A block of metal whose volume expansivity is 5.0 × 10−5
°C
−1
and isothermal
compressibility is 1.2 × 10−6
atm−1
has volume 5 litre at 1 atm and 20 °C. On
applying pressure, its temperature rises by 12°C and volume increases by 0.5 cm3
.
Calculate the pressure applied.

Answer 1

Coefficient of volume expansion = ΔV / (V * ΔT) = 5.0 * 10⁻⁵ /°C
Isothermal compressibility = -1/V * ΔV/ΔP = - 1.2 * 10⁻⁶ / atm = - 0.12 / Pa
V1 = 5 litre = 0.005 m³,     P1 = 1 atm = 10⁵ Pa,    T1 = 20°C
V2 = 5.0005 litre,  ΔV = 5 * 10⁻⁷ m³
T2 = 32°C ,  ΔT = 12°C,
      P2 = ?    ΔP = ?

Here the expansion and compression both take place, making it interesting.

 

 Due to increase in pressure the volume decreases.  Due to increased temperature volume increases.  The effect of increasing temperature is more than that of the pressure.  So the net increase is 0.5 cc as given, in the block of the metal.

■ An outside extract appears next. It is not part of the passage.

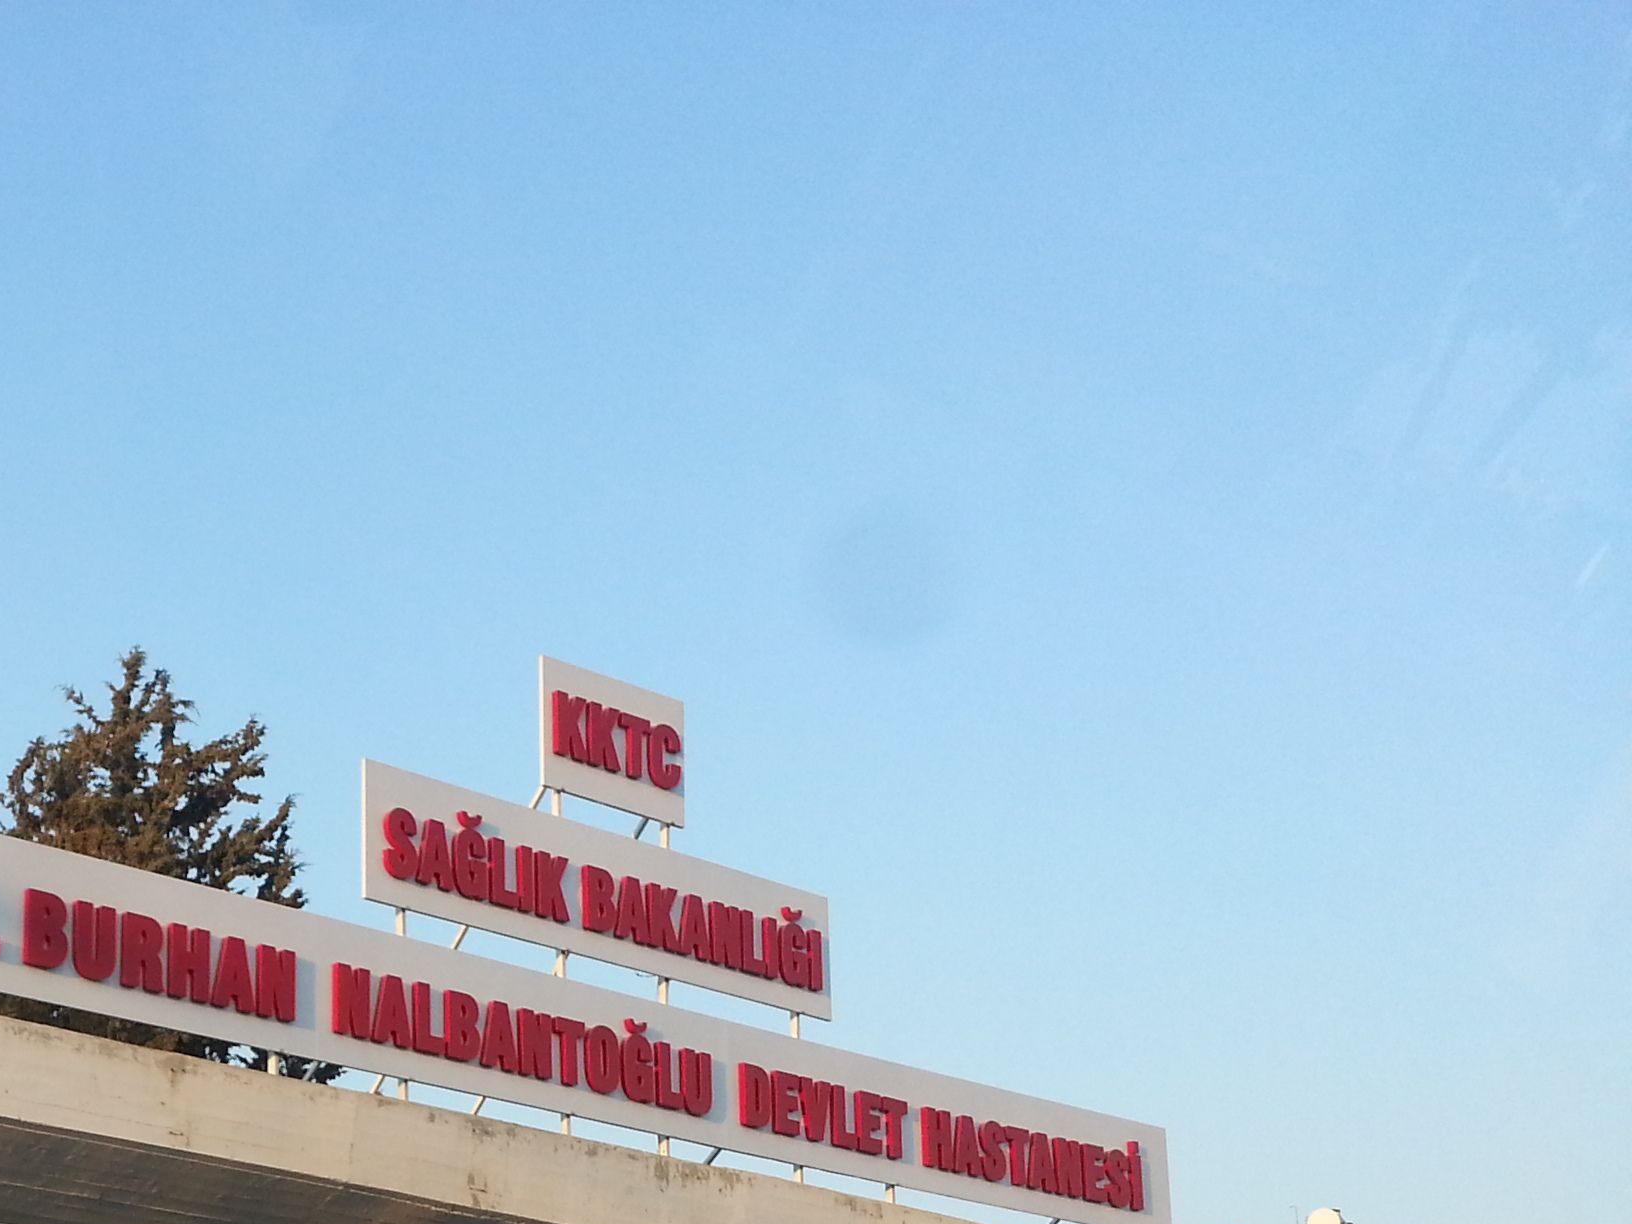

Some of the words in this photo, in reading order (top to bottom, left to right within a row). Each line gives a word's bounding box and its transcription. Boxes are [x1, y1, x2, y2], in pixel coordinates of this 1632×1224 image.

Expected expansion in volume due to ΔT = 12° C is 
  = 5000 cc * 5.0 * 10⁻⁵ / ⁰C * 12°C

  = 3.0 cc

But actual increase = 0.50 cc

So compression ΔV in volume V due to ΔP = 3 – 0.50 = 2.50 cc

Compressibility is defined as β_T = - 1/V * (ΔV / ΔP) = 1/v * (dV/dp)

         Given  β_T  = 1.2 * 10⁻⁶ / atm

 ΔP = 2.5 / [ 5000 * 1.2 * 10⁻⁶) = 416.67 atm

Pressure applied = P + ΔP = 417.67 atm       ans.